Astronomy:HD 137010 b
| File:300px Artistic representation of exoplanet candidate HD 137010 b | |
| Discovery | |
|---|---|
| Discovered by | Kepler (K2)[1] |
| Discovery date | January 27, 2026 |
| Transit | |
| Orbital characteristics | |
| 0.88+0.3 −0.1 astronomical unit|AU | |
| Eccentricity | 0 |
| Orbital period | 355.0+200.0 −59.0 d |
| Inclination | >89.82+0.05 −0.03 |
| Star | HD 137010 |
| Physical characteristics | |
| Mean radius | 1.06+0.06 −0.05 R🜨 |
| Physics | 205.0 ± 25.0 K (−68.1 ± 25.0 °C; −90.7 ± 45.0 °F) |
HD 137010 b is an exoplanet candidate detected by the Kepler's K2 mission of NASA.[2] Orbiting the K-type dwarf star HD 137010 in the constellation of Libra,[3] it is located approximately 146 light-years from the Solar System.[2] The candidate was identified from a single 10-hour transit event observed during K2 Campaign 15 in 2017, suggesting an orbital period of about 355 days, nearly identical to that of Earth.[4] With a radius of 1.06 times that of Earth, it is classified as a potential Super-Earth or Earth analog, likely rocky in composition.[5] Due to its host star's lower luminosity, HD 137010 b receives only about 29% of the incident flux that Earth does, placing it near the outer edge of the system's habitable zone with an estimated equilibrium temperature around −68°C (−90°F), potentially colder than Mars.[2][5] Confirmation as a genuine exoplanet requires additional transits or alternative observations, which may be pursued with missions like TESS or CHEOPS.[4][6][7]
File:Concept animation of exoplanet candidate HD 137010 b.webm
Discovery and observation
HD 137010 b was first flagged as a potential planet candidate by citizen scientists participating in the Planet Hunters project, which sifts through data from NASA's Kepler Space Telescope.[4] The signal was overlooked by automated detection algorithms, which prioritize multiple transits, until astrophysicist Alexander Venner re-examined the K2 Campaign 15 data during his Ph.D. research at the University of Southern Queensland.[4] The single transit, lasting approximately 10 hours, was recorded in 2017 and indicated a small planetary body eclipsing its host star.[2] The discovery team, including collaborators from the Max Planck Institute for Astronomy, ruled out false positives such as stellar binaries through detailed modeling.[4][8]

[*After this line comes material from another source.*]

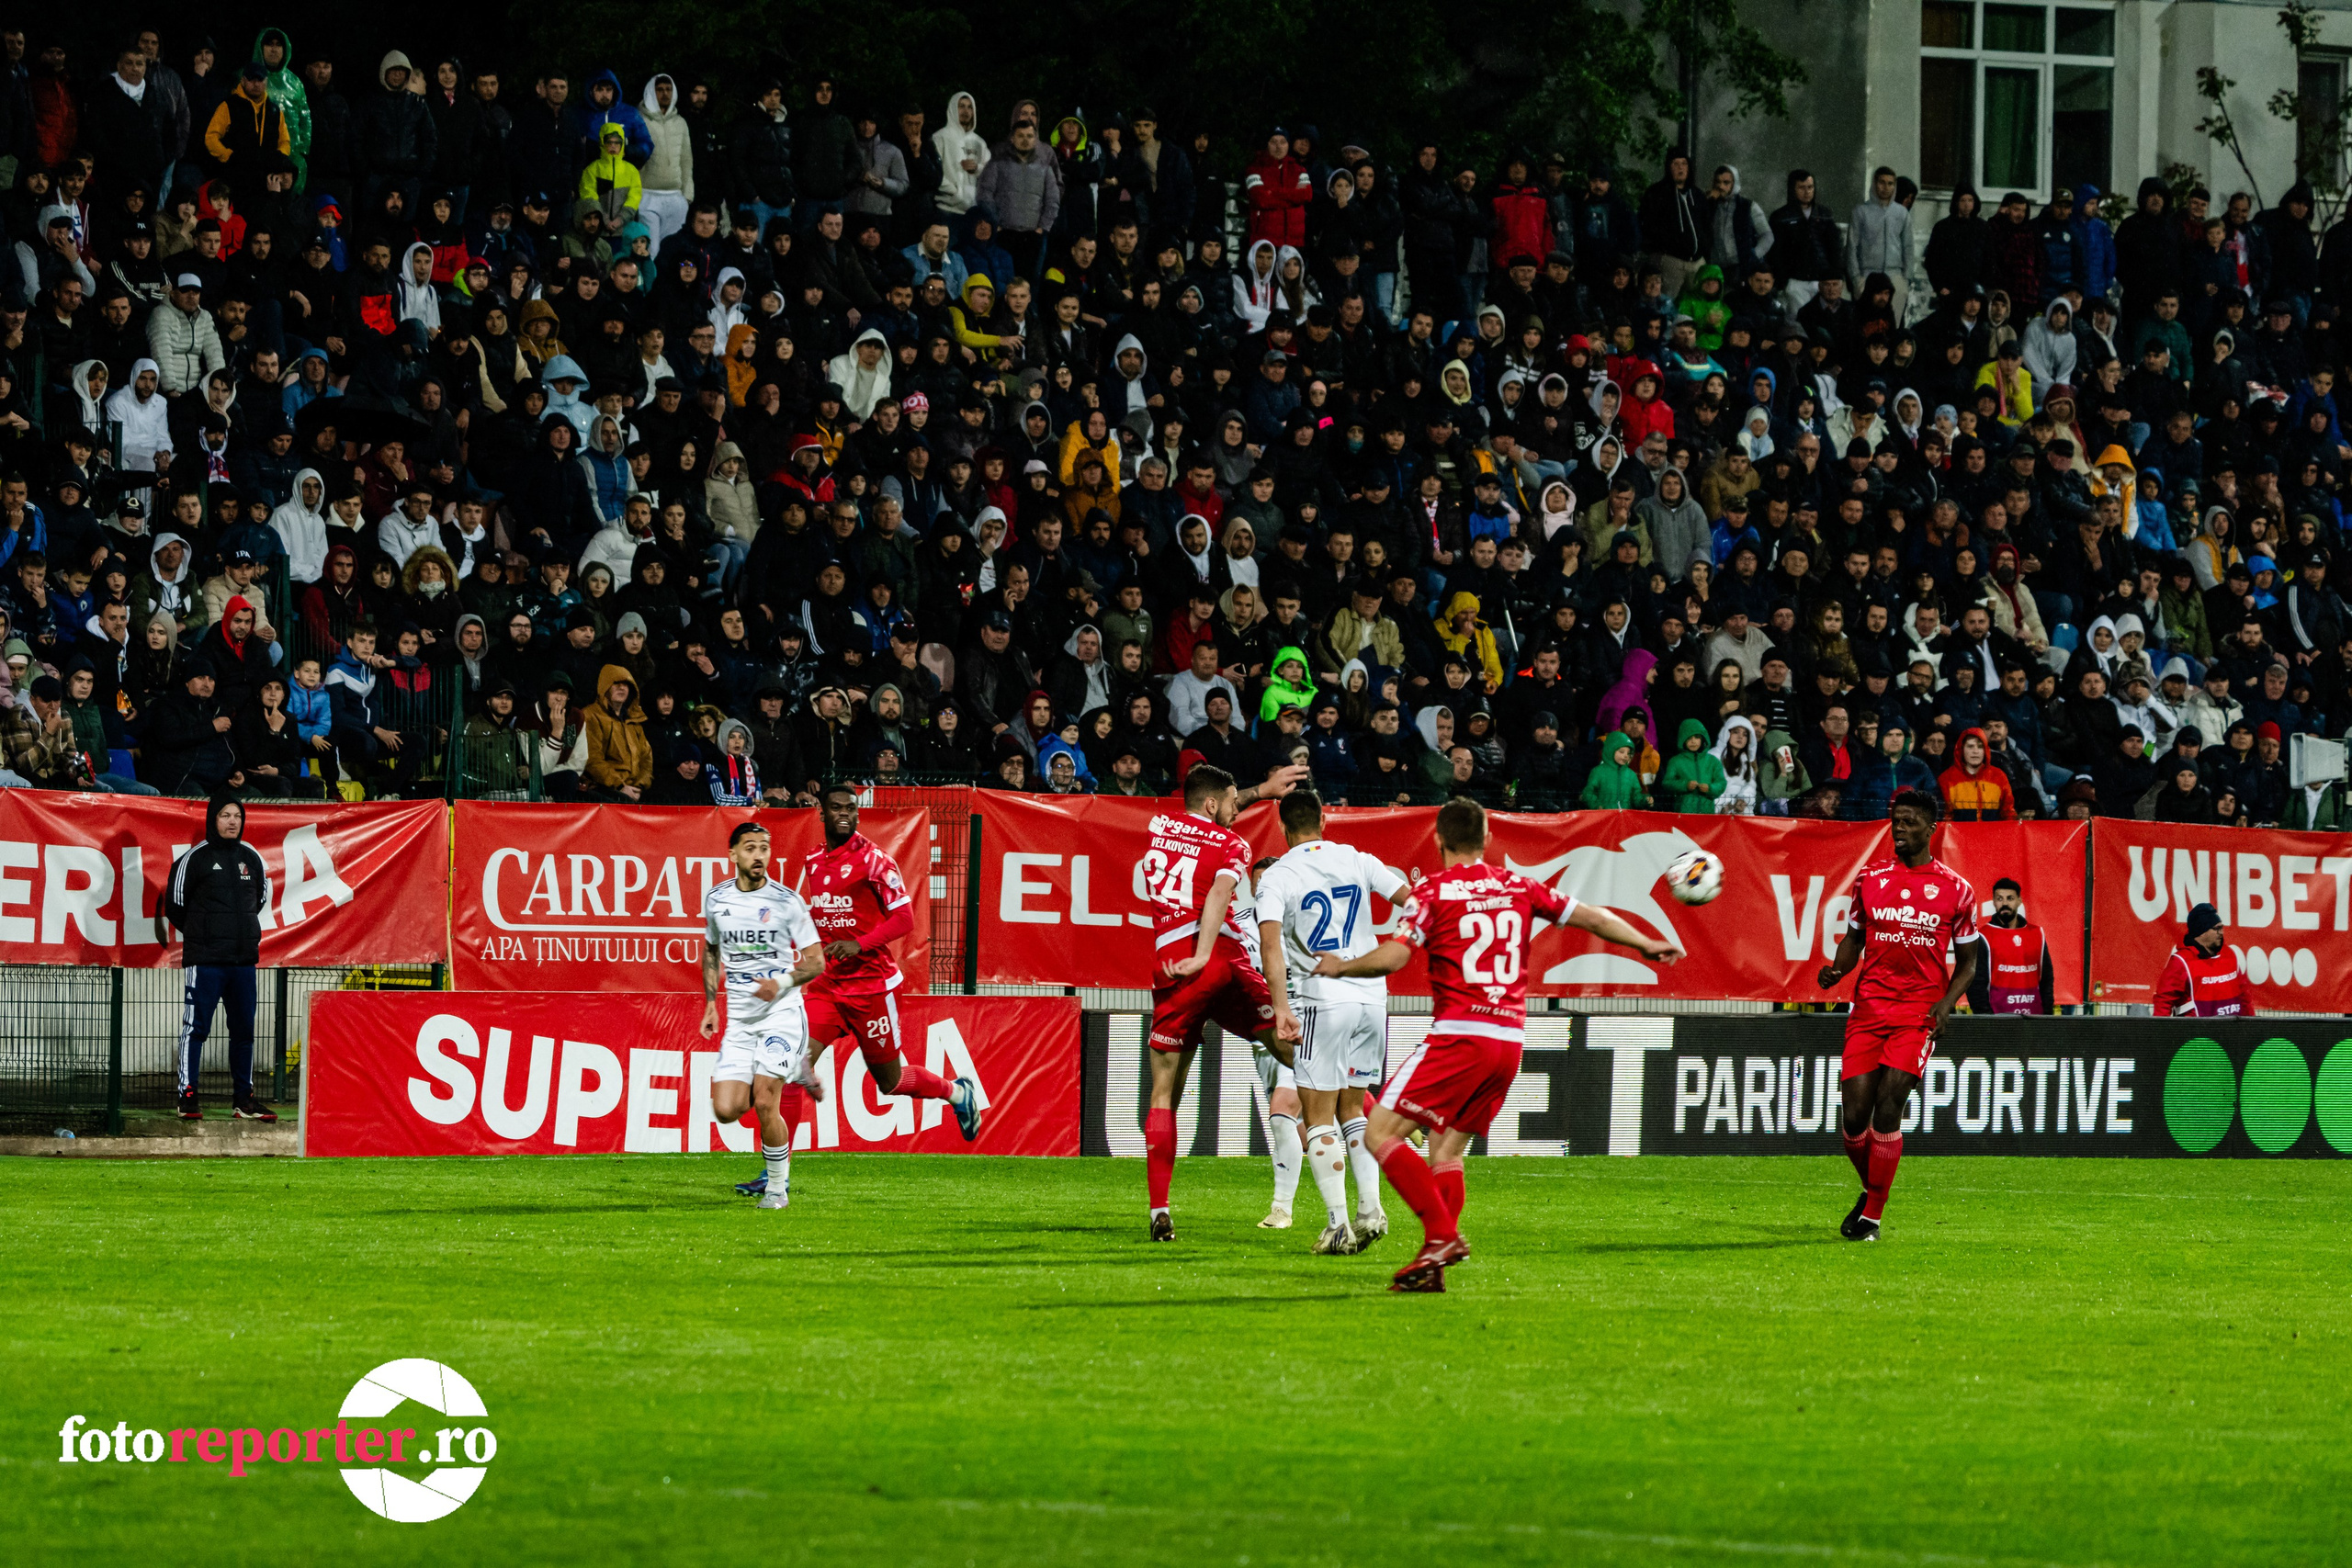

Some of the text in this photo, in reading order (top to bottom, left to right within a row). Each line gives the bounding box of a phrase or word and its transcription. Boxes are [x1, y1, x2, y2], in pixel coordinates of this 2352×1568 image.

The findings were published on January 27, 2026, in The Astrophysical Journal Letters under the title "A Cool Earth-sized Planet Candidate Transiting a Tenth Magnitude K-dwarf From K2".[8][5][2] Venner presented the results at the Rocky Worlds conference, highlighting the planet's Earth-like orbital architecture despite the single-event detection.[4] Follow-up observations are challenging due to the long orbital period, which reduces the likelihood of repeated transits within a single mission's timeframe, proposed strategies include radial velocity measurements or targeted monitoring with the James Webb Space Telescope (JWST).[2]
Host star
HD 137010 is a K-type dwarf with a visual magnitude of 10.1, making it observable with amateur telescopes.[5] The star has an effective temperature approximately 1,000 K cooler than the Sun's 5,772 K, resulting in about 70% of the Sun's mass and radius, and correspondingly lower luminosity.[2] This dimmer output shifts the habitable zone inward compared to solar-type systems, influencing the thermal environment of orbiting planets like HD 137010 b.[4]
Characteristics
HD 137010 b has an estimated radius of 1.06+0.06
−0.05 R🜨, placing it in the range of small, potentially terrestrial worlds.[5] Its orbital period is 355.0+200.0
−59.0 d, with a semi-major axis of 0.88+0.3
−0.1 astronomical unit|AU, yielding an nearly circular orbit (eccentricity ≈ 0) and near-edge-on inclination for transit visibility.[5] The planet receives an incident bolometric flux of 0.29+0.11
−0.13 times that incident on Earth (F⊕), leading to a blackbody equilibrium temperature of roughly −68 °C, though actual surface conditions would depend on atmospheric properties.[2][5] No mass or density measurements are available, but its size suggests a rocky composition similar to Earth.[9]
Habitability
Positioned at the outer boundary of its star's habitable zone as defined by Kopparapu et al. (2013), HD 137010 b may support liquid water under a thick, greenhouse-enhanced atmosphere rich in CO2, potentially resembling a super-Venus or early Martian environment.[5][2] Atmospheric models indicate a 40% probability of residing in the conservative habitable zone and 51% in the optimistic zone, but a comparable chance of being entirely too cold for surface habitability without extreme greenhouse forcing.[2] Its proximity to a relatively bright host star facilitates potential spectroscopic characterization of any atmosphere using future observatories like JWST, which could detect biosignatures from subsurface oceans or geothermal activity if present.[4] However, as an unconfirmed candidate, these assessments remain speculative, and the planet's true nature whether a frozen ice world or marginally temperate awaits validation.[10]
References
- ↑ Martin, Pierre-Yves (2026). "Planet HD 137010 b" (in en). https://exoplanet.eu/catalog/hd_137010_b--11844/.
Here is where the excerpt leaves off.